> WHAT IS NEEDED: Type the entries out again exactly as they read, but leave every picture behind.
[[ DATA FOR THIS TASK open ]]
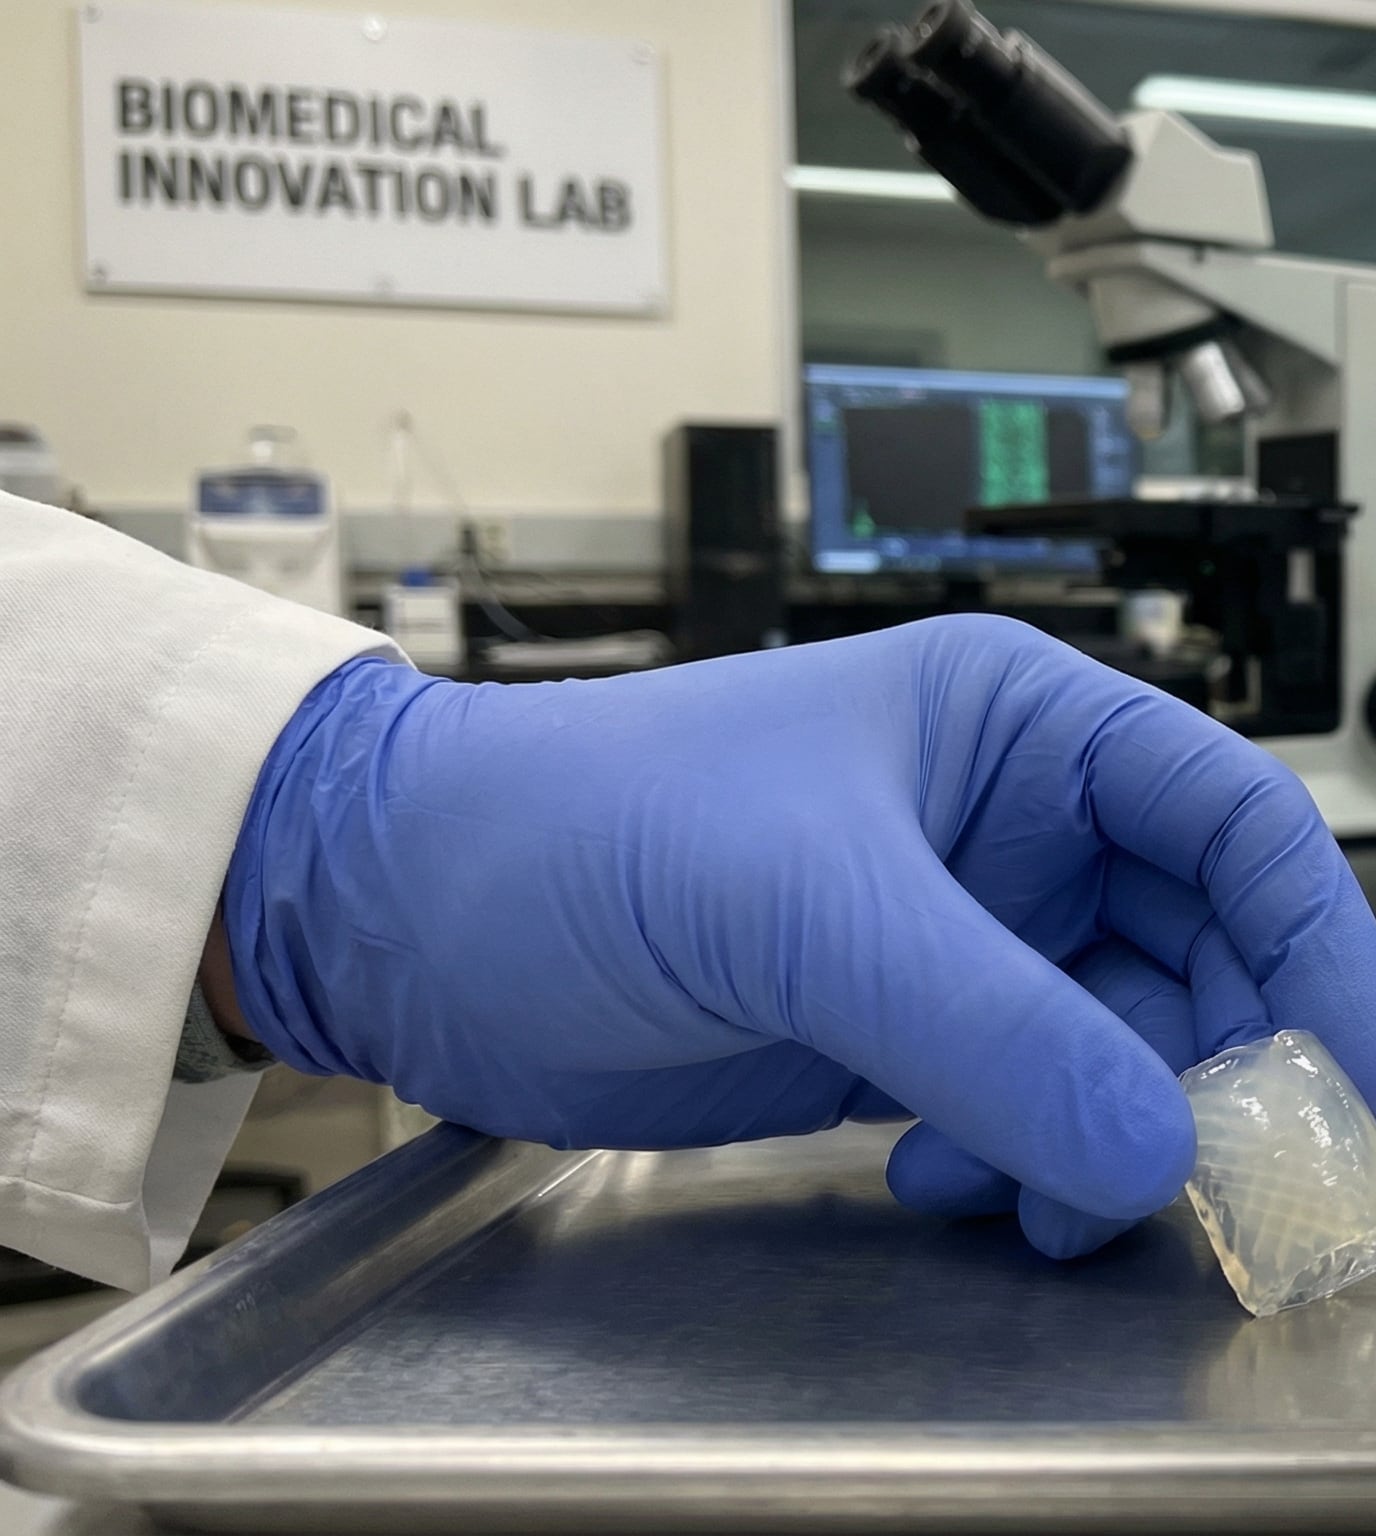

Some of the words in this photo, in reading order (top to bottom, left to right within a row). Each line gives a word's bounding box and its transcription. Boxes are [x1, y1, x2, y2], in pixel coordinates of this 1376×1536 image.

[115, 78, 503, 158] BIOMEDICAL
[117, 151, 497, 223] INNOVATION
[518, 175, 631, 232] LAB
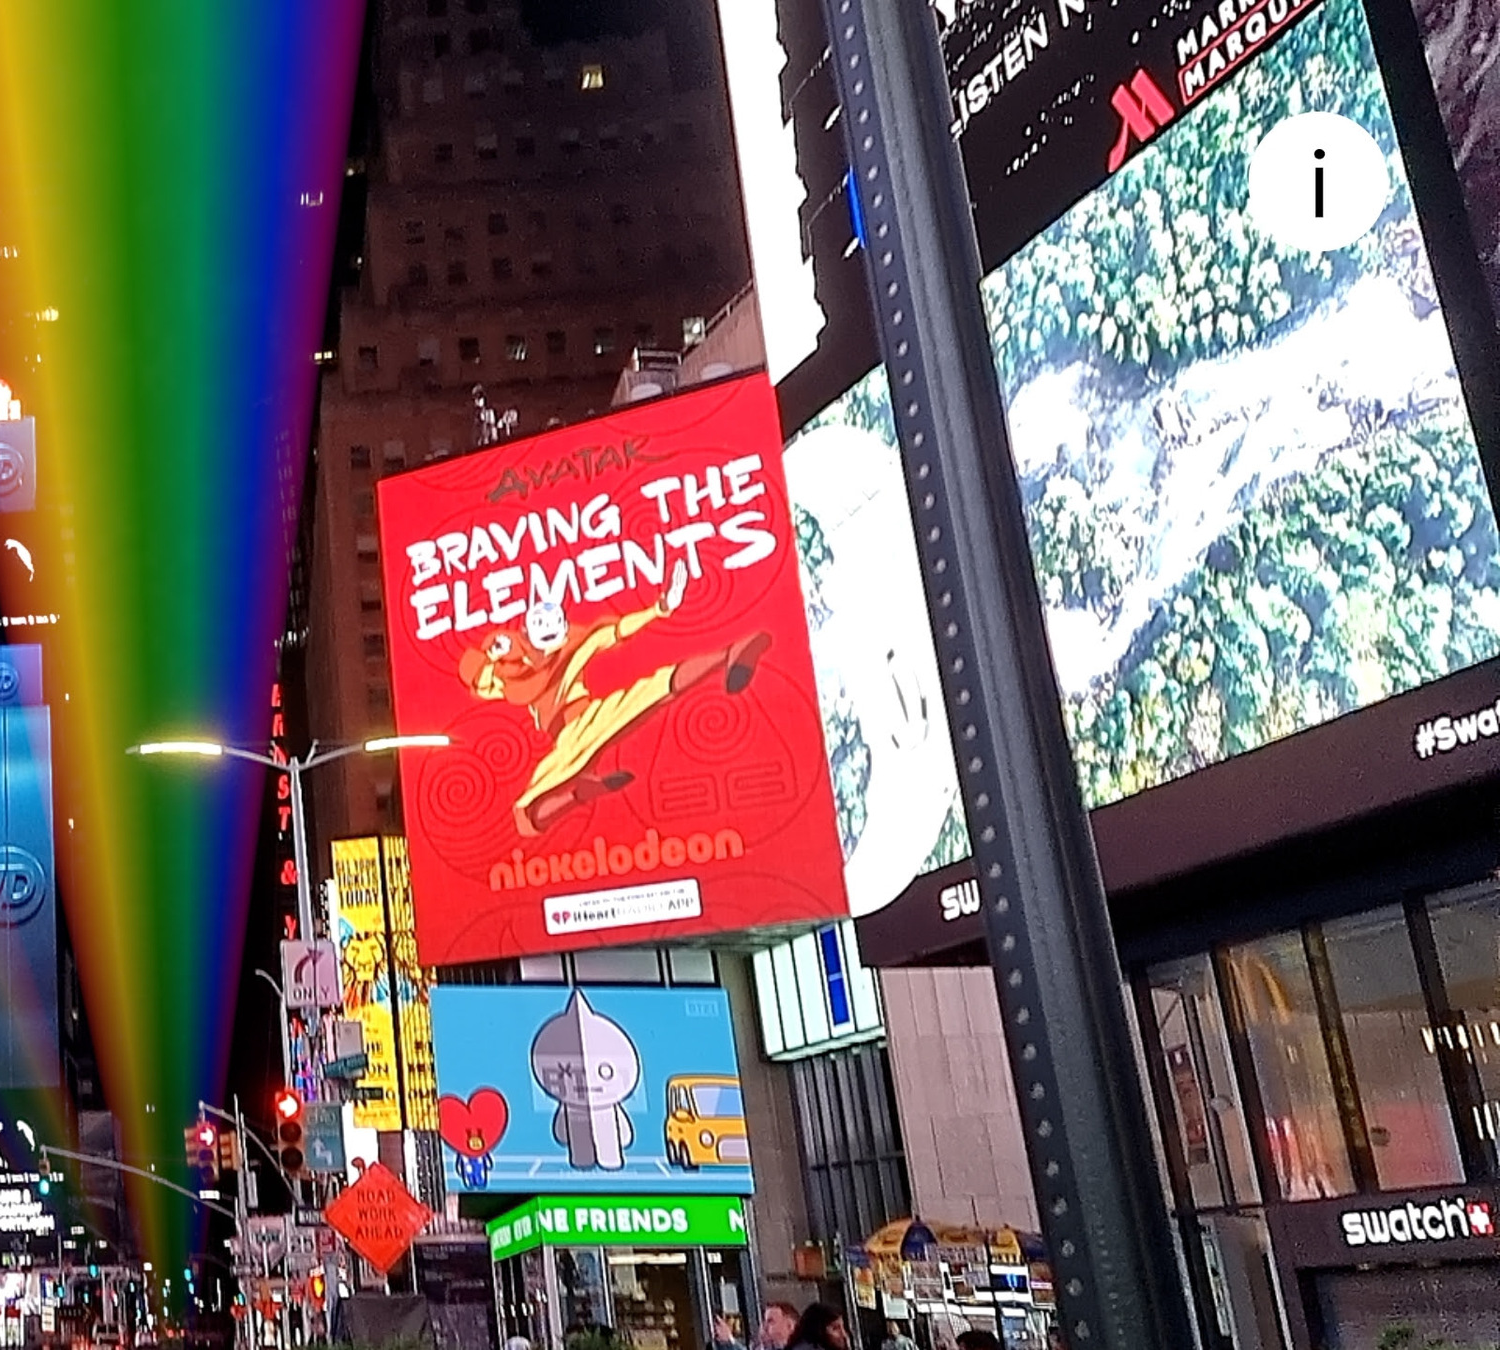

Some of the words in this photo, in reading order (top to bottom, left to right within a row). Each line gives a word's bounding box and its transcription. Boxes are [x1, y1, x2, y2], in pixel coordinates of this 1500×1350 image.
[[ DATA FOR THIS TASK closed ]]
> ANSWER BOX:
Some of the words in this photo, in reading order (top to bottom, left to right within a row). Each line gives a word's bounding box and its transcription. Boxes are [x1, y1, x2, y2], in pixel coordinates of this 1376×1536 image.

[115, 78, 503, 158] BIOMEDICAL
[117, 151, 497, 223] INNOVATION
[518, 175, 631, 232] LAB

Some of the words in this photo, in reading order (top to bottom, left to right within a row). Each line gives a word's bounding box and its transcription. Boxes are [x1, y1, x2, y2], in pixel coordinates of this 1500×1350 image.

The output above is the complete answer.